A configuration for a conventional lead frame for conserving limited leads and for allowing the location of bond pads anywhere on the periphery of the semiconductor device and for reducing the cost of tooling changes by permitting the use of current tooling. The present invention utilizes an extended lead finger that extends along the periphery of a semiconductor device to provide a power source or ground so that any number of bond pads may be used in any position without requiring additional leads or tooling changes.

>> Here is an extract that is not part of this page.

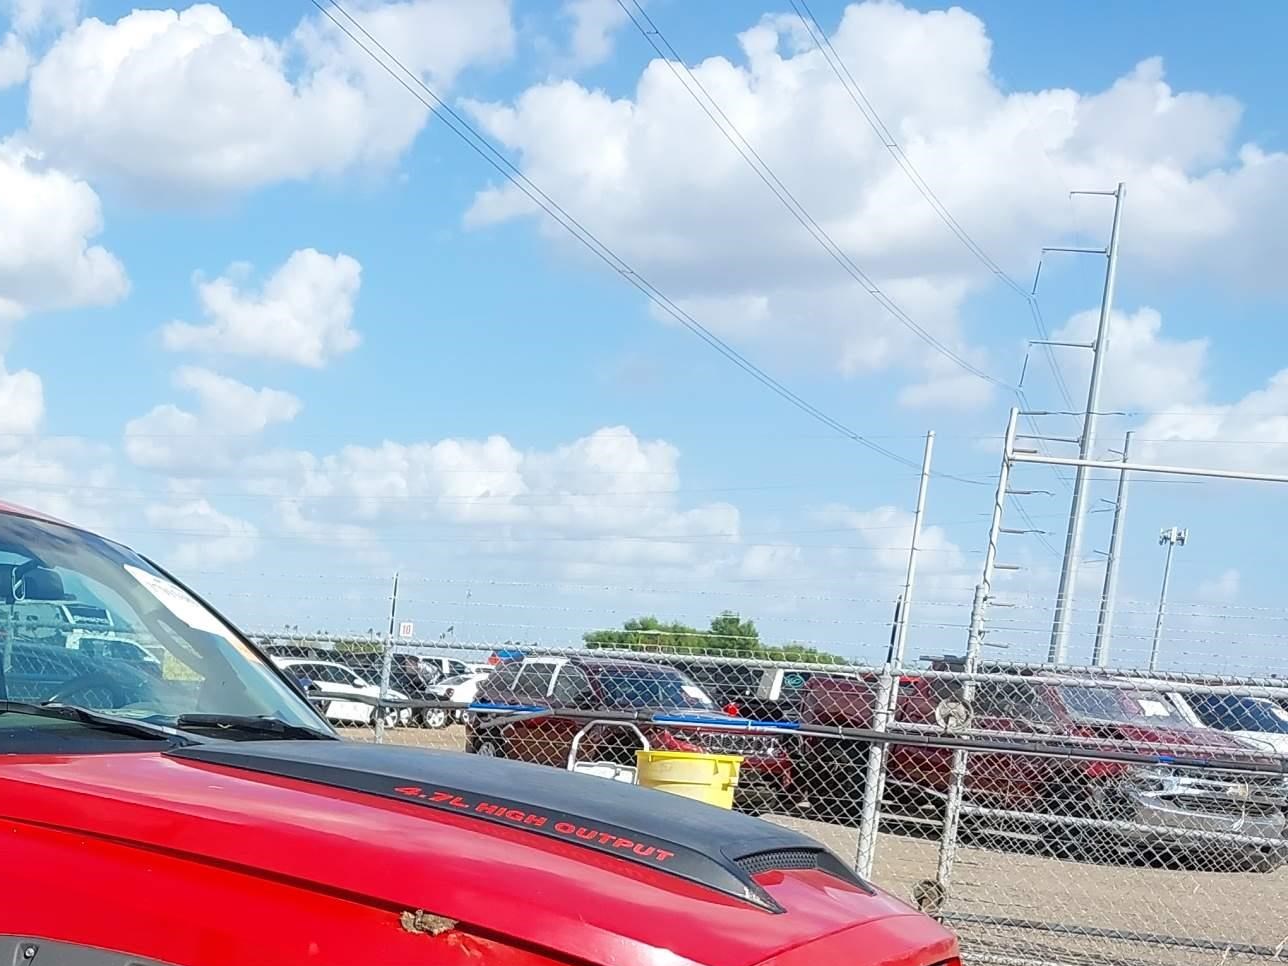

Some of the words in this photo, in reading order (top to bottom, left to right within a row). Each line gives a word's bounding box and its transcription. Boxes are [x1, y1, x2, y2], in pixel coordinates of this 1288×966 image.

[394, 785, 469, 808] 4.7L
[475, 801, 547, 827] HIGH
[554, 821, 674, 862] OUTPUT
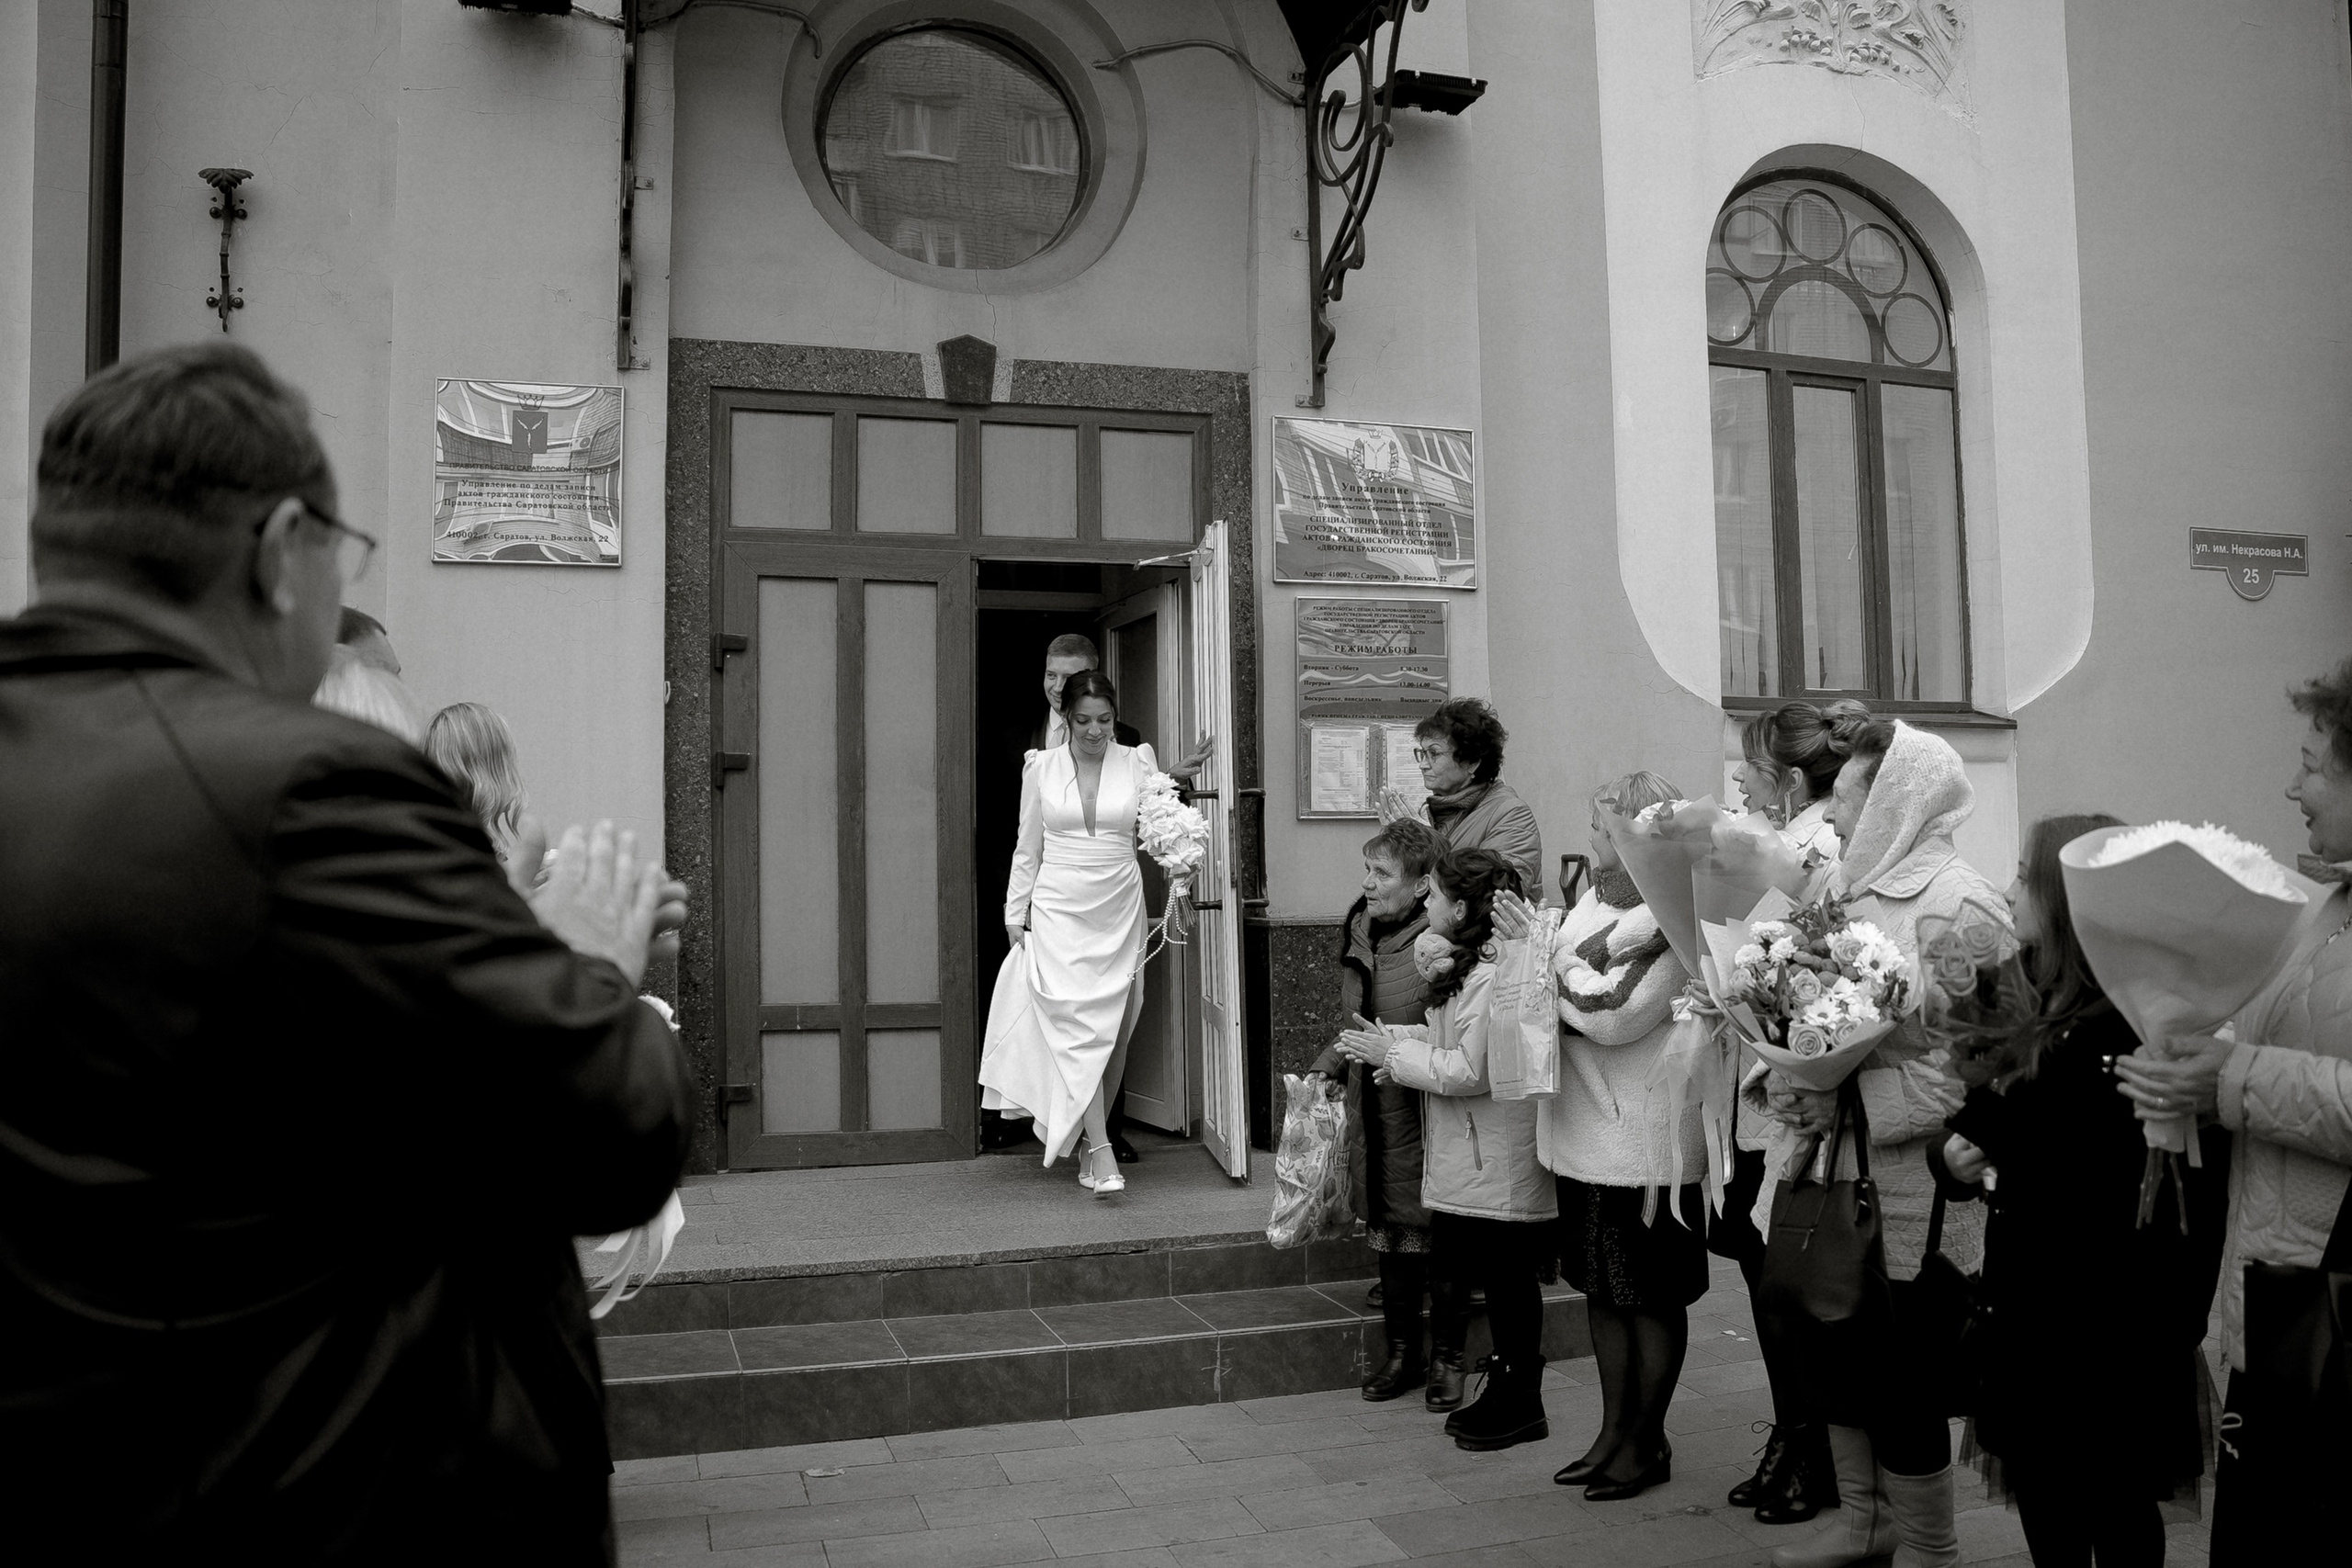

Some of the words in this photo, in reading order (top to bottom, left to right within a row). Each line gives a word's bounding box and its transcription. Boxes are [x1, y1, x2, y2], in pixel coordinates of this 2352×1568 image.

BACKGROUND OF THE INVENTION

1. Field of the Invention

The present invention relates generally to lead frames used for electrical connection to a semiconductor device. More specifically, the present invention relates to an enhanced lead frame having one or more power source or ground leads of a conventional lead frame extending along a portion of the periphery of the semiconductor device.

2. State of the Art

Well known types of semiconductor devices are connected to a component known as lead frames and subsequently encapsulated in plastic for use in a wide variety of applications. The lead frame is typically formed from a single, continuous sheet of metal, typically by metal stamping or chemical etching operations. A “conventional” lead frame usually includes an outer supporting frame, a central semiconductor device support pad (paddle), and a plurality of lead fingers, each lead finger having, in turn, a terminal bonding portion near the central semiconductor device supporting pad. In the assembly of semiconductor devices utilizing such lead frames, a semiconductor device is secured to the central supporting pad, a paddle (such as by a solder or epoxy die-attach, although a double-sided adhesive tape-type attach has also been suggested in the art). The lead fingers are electrically connected to bond pads on the semiconductor device using fine wires. In a standard wire bonding process, the bond wires are attached, one at a time, from each bond pad on the semiconductor device and to a corresponding lead finger of the lead frame. The bond wires are generally attached through one of three industry-standard wire bonding techniques: ultrasonic bonding—using a combination of pressure and ultrasonic vibration bursts to form a metallurgical cold weld; thermocompression bonding—using a combination of pressure and elevated temperature to form a weld; and thermosonic bonding—using a combination of pressure, elevated temperature, and ultrasonic vibration bursts. After the wire bonds between the contact pads of the semiconductor device and the lead fingers are made, the semiconductor device and wire bonds are typically encapsulated in plastic using a transfer or injection molding process. Finally, the rails of the outer supporting frame of the lead frame are removed leaving portions of the lead fingers extending beyond the encapsulated semiconductor device.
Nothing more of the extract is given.